Evolution not revolution

Over 500 years ago, first Laurens Coster in Holland, then Johannes Gutenberg in Germany and William Caxton in England unveiled printing presses on a world that was largely unprepared for them. There were no retail outlets for books, there was no distribution system, the market potential was minute - purchasers had to be both rich and literate. One of technology's most important challenges to human endeavour did not transform anything overnight. Monks were not suddenly put out of work. Vellum supplies did not dry up. And people did not immediately set up ten year training courses to teach their children to decode and encode text.

Things are pretty much the same today with the new information technologies. Over the past twenty-five years there has been a succession of new technologies set to transform the way people are taught - programmed learning texts, film strips, multimedia packs, computer programs, videotape, and interactive video. None of them has revolutionised our lives overnight.

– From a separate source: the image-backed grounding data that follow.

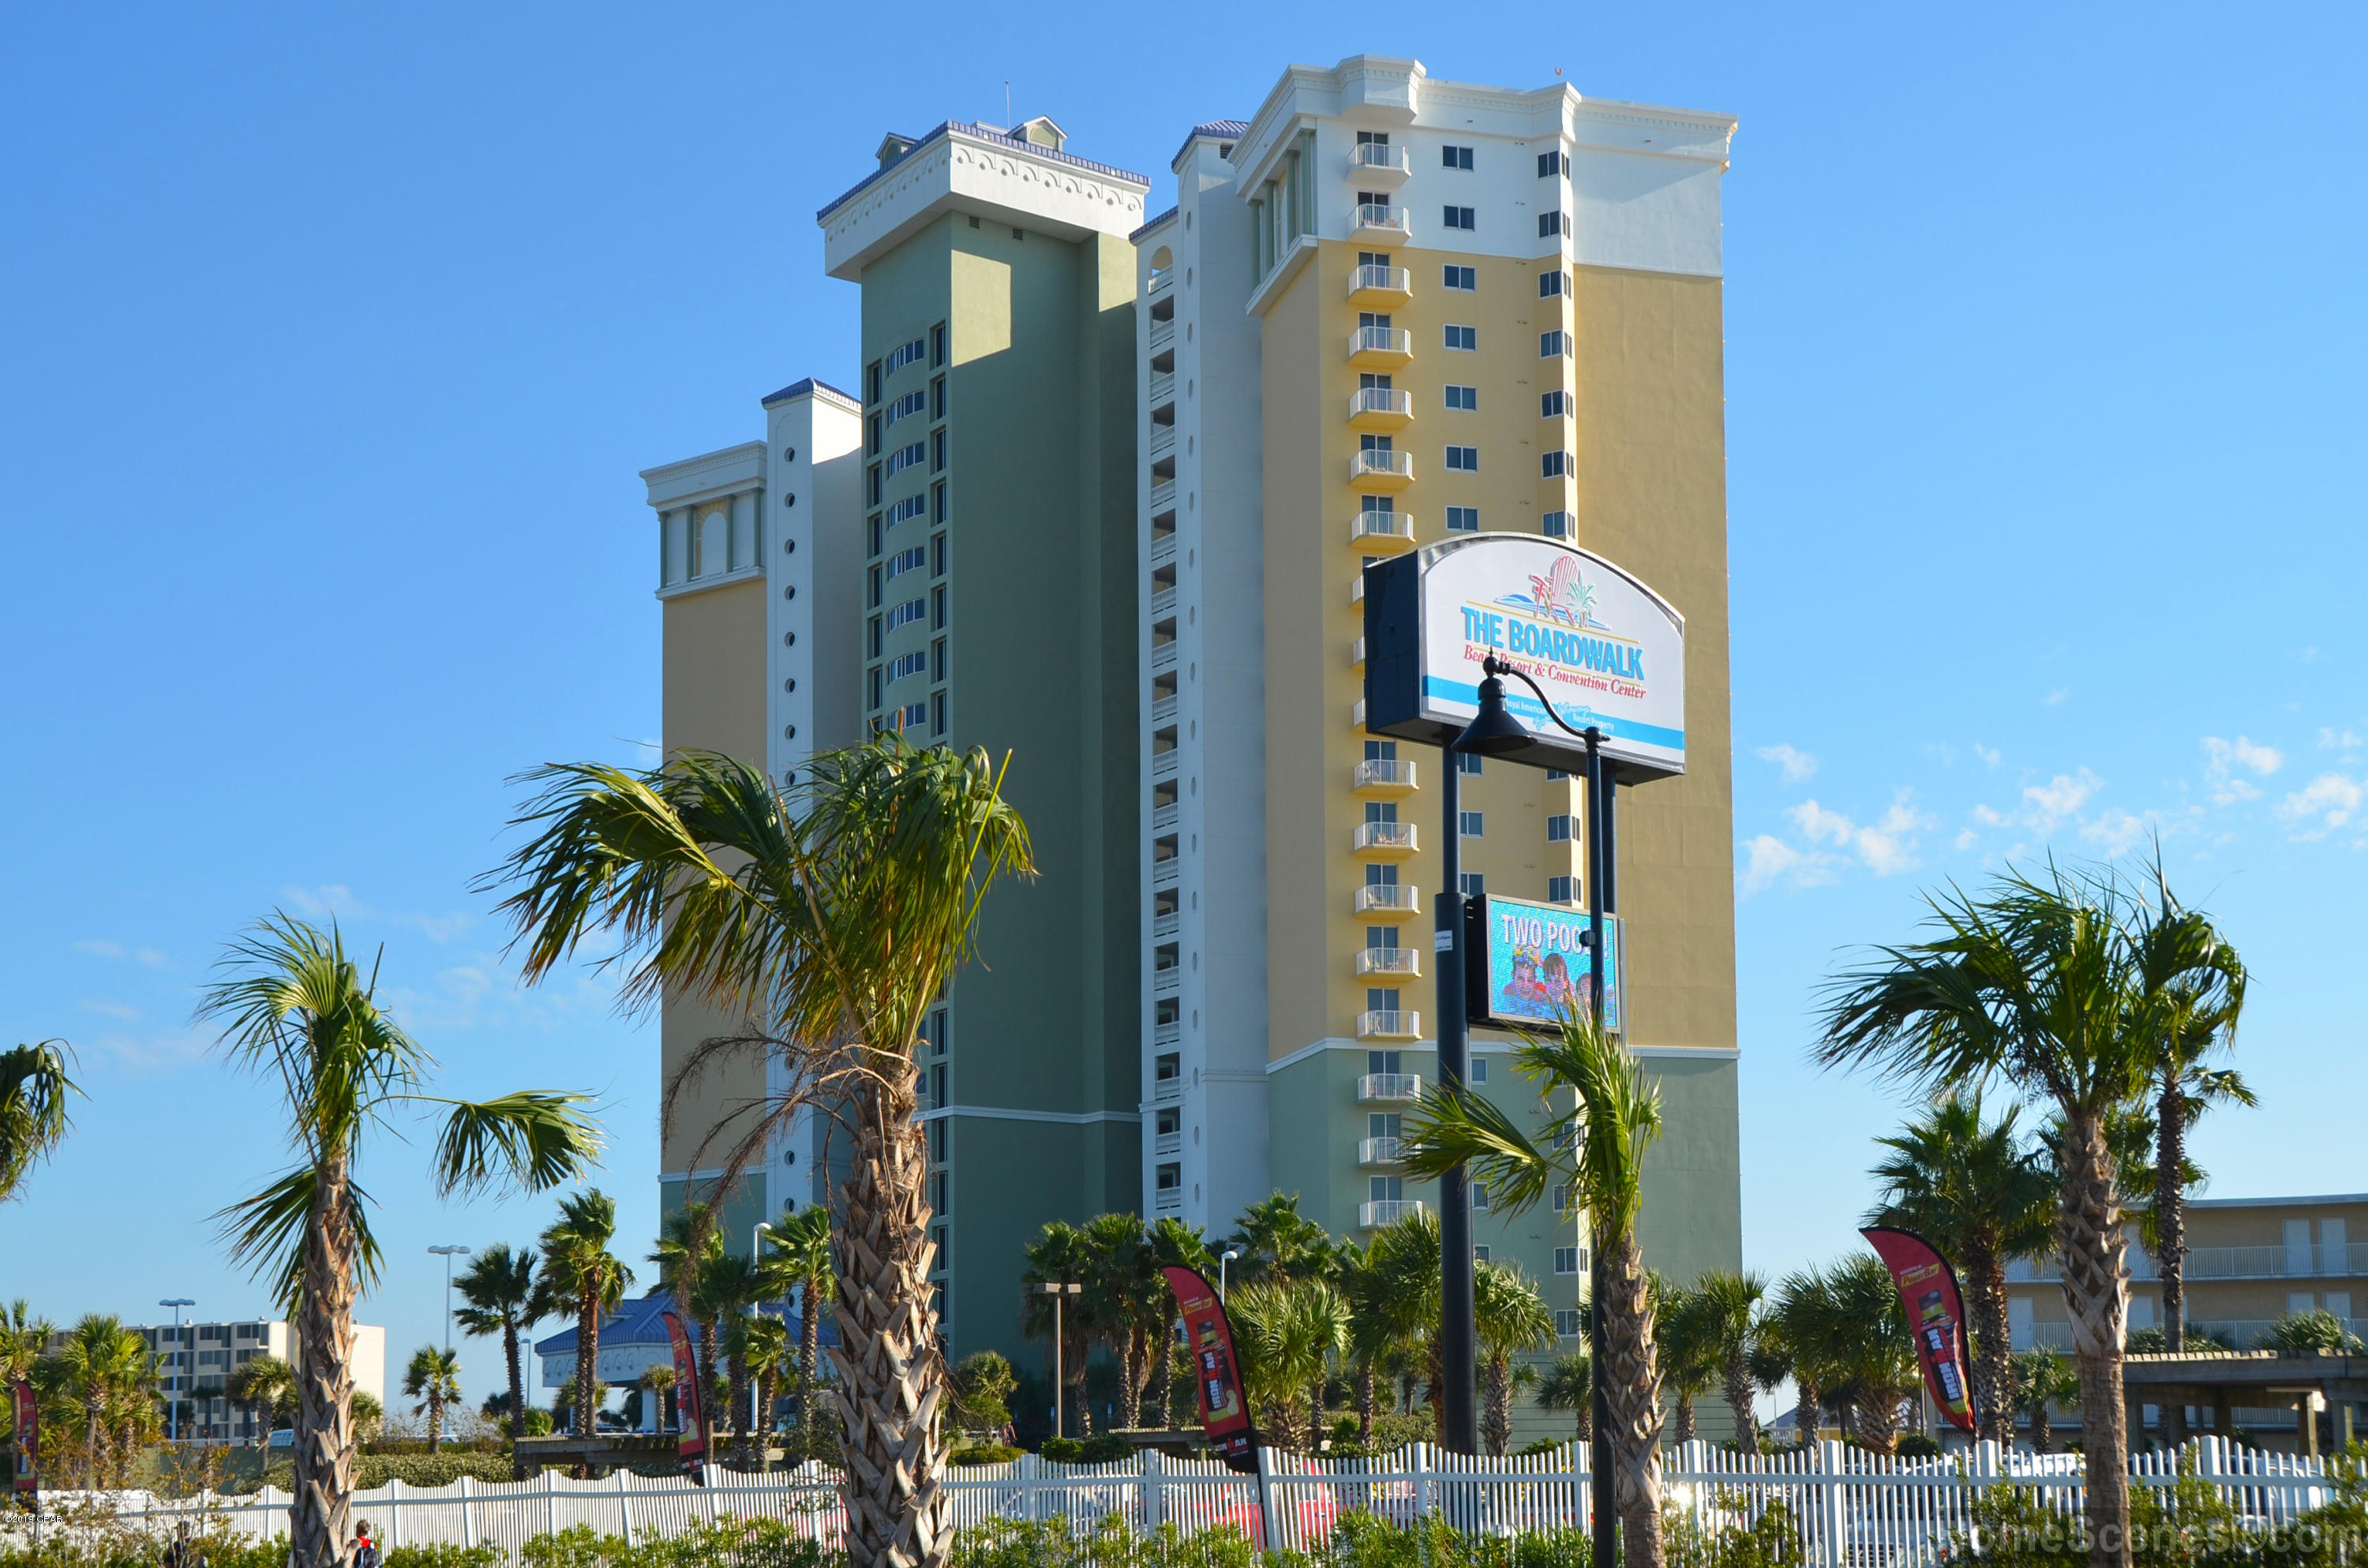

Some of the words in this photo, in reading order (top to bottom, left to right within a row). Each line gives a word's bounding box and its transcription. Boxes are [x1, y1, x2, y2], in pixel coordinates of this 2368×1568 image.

[1461, 606, 1504, 649] THE
[1509, 618, 1645, 680] BOARDWALK
[1463, 644, 1494, 665] Bea
[1534, 663, 1546, 677] &
[1549, 664, 1608, 691] Convention
[1611, 679, 1647, 699] Center
[1502, 915, 1542, 948] TWO

The fear of teachers and trainers that somehow they would be done out of a job by the next generation of machinery is an ever present paranoia that has proved to be completely unjustified. There are more teachers and trainers than ever; more money than ever is being spent on education and training; and there are ever more courses and programmes. Education for life is no longer a novel concept.

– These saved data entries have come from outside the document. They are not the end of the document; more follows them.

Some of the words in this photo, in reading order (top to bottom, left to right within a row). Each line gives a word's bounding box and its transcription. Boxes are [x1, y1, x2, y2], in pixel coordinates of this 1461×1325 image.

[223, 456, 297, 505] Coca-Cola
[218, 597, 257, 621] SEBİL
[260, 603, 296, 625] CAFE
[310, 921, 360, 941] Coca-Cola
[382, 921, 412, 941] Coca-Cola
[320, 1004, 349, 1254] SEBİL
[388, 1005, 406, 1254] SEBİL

None of the new technologies has been an out-and-out failure either. Most people would agree that over the last twenty-five years education and training have indeed been transformed and that the resulting improvement in quality has been greatly assisted by each turn of the technological wheel.

The announcement, expected in 1989, of the launch of Compact Disc-Interactive - pictures, text, sound and data all on one fully interactive compact disc - should not create alarm and consternation. The wheel is taking another turn. The arrival of a new technology can be welcomed as providing another resource to a hard-pressed and hard-working profession. The next generation of technology will cause us all to adapt our educational and training practices, but will not overthrow the old order for the new. Evolution is the key, not revolution.

Many of the changes that have come about in the last twenty-five years have one way or another involved developing techniques and experience in interactivity. Programmed learning texts provided an early and useful start along the path. Computer Based Training enabled us to dispense with page numbers and cards and put all the material into the digital domain.

Linearity with Interactive Laser Vision

Interactive Laser Vision in this context has been equally successful. It has given us high quality video images and stereo sound. However, because it is in analogue form, it has meant that - however ingenious designers may be - interactive Laser Vision programme materials have had to be linear: the designer has decided that a student will travel from A to Z and carry out certain tasks along the way. Some materials have appeared to offer choice in the route by providing branches and loops. Yet the fact of the matter is that these branches and loops have only served to provide short forays off the main track for those who could not grasp the principles first time round. And the quantity and direction of different branches and loops has been severely curtailed by the limited capacity of the disc.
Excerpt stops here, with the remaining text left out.